立ち返る原点はあるか? ドイツの改革成功の要因は「指導者のサッカー観」にある
2019年01月20日
コラム
うまくいかないときに立ち返る原点があるか?
育成プロジェクトの導入後も、壁にぶつかったことは何度もあった。それを乗り越えられたのは「ドイツサッカー全体で変わっていこう」という働きかけがあったからだ。部分的に取り組んでいたら、どこかでそこから抜け出せなかったかもしれない。
「代表チームだけを強くしよう」
「ブンデスリーガだけを改善しよう」
そうではなく、グラスルーツに至るまで自国のサッカー哲学を本気で共有してきたからこそ、壁にぶつかったときも本来の目的を見失わず、原点に立ち返り、新たな目的に到達できたのだ。ドイツのサッカー改革で特筆すべきものの一つが『指導者の持つサッカー観』だ。
変わらなければならないタイミングでも、最先端のトレンドに闇雲に飛びつくのではなく、ブレてはならない基本を認識し、新しいものを取り入れるためにはブレてはいけない核に「何をどう加えたら新しいものが得られるか」を考えられるようになったことだ。

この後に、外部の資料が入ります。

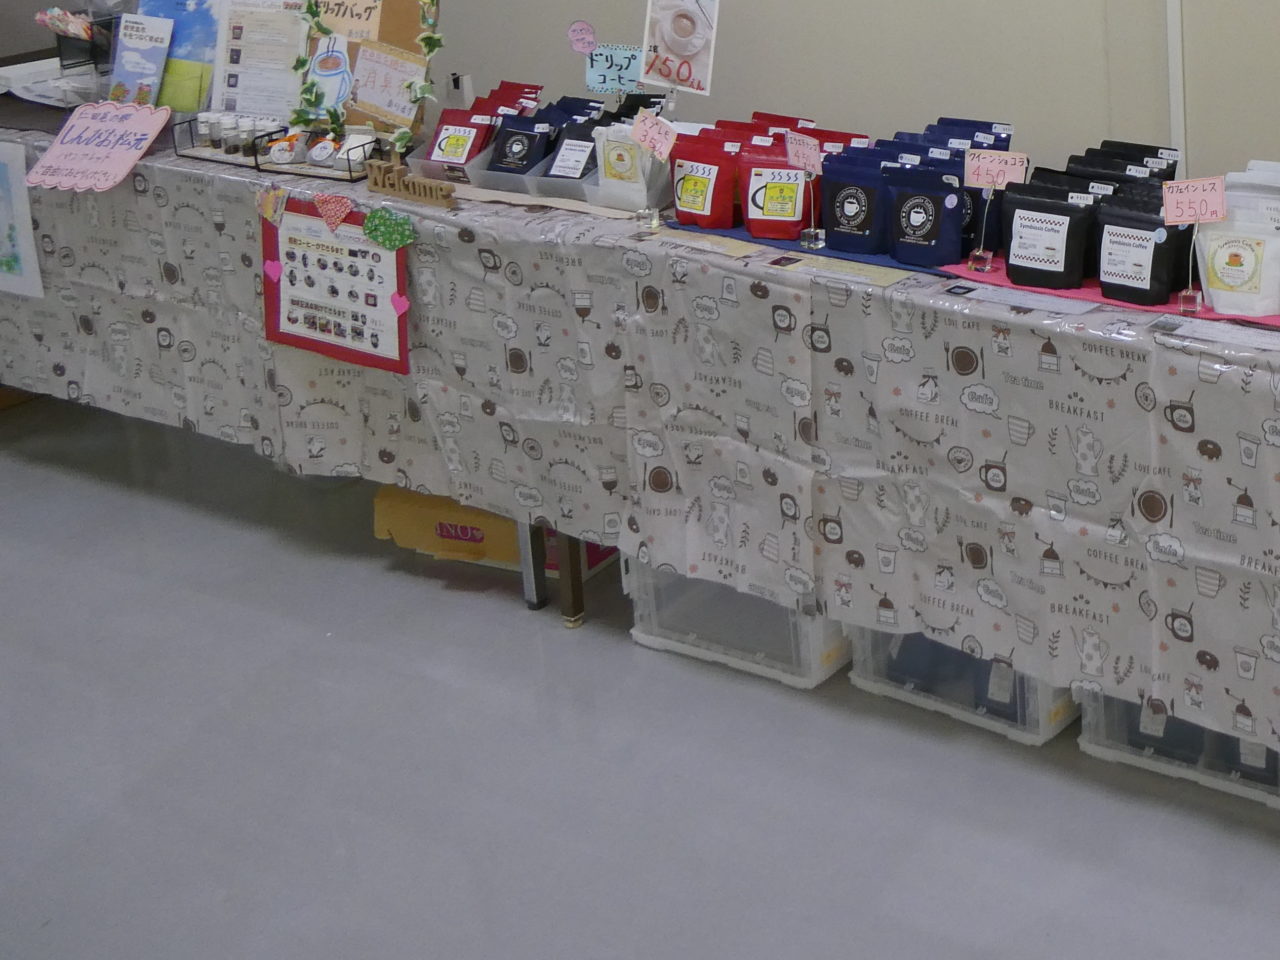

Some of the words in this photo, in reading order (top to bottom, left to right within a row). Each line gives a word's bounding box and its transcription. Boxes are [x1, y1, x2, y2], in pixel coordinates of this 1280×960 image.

実際のところ、ドイツの指導者すべてがすばらしいわけではない。グラスルーツレベルを見回しても、練習メニューやトレーニング理論への勉強意欲は日本の指導者の方が高いかもしれない。ただ、サッカーへのアプローチがとてもシンプルな点は評価すべきことだ。
はじめから多くを盛り込むのではなく、最も大事な基本的なところから取り組み、少しずつ時間をかけてバリエーションを増やし、それぞれの質を深めていく。どっしりとした根があるからこそ、ビクともしない幹が育ち、葉や花が綺麗に咲き誇るのだ。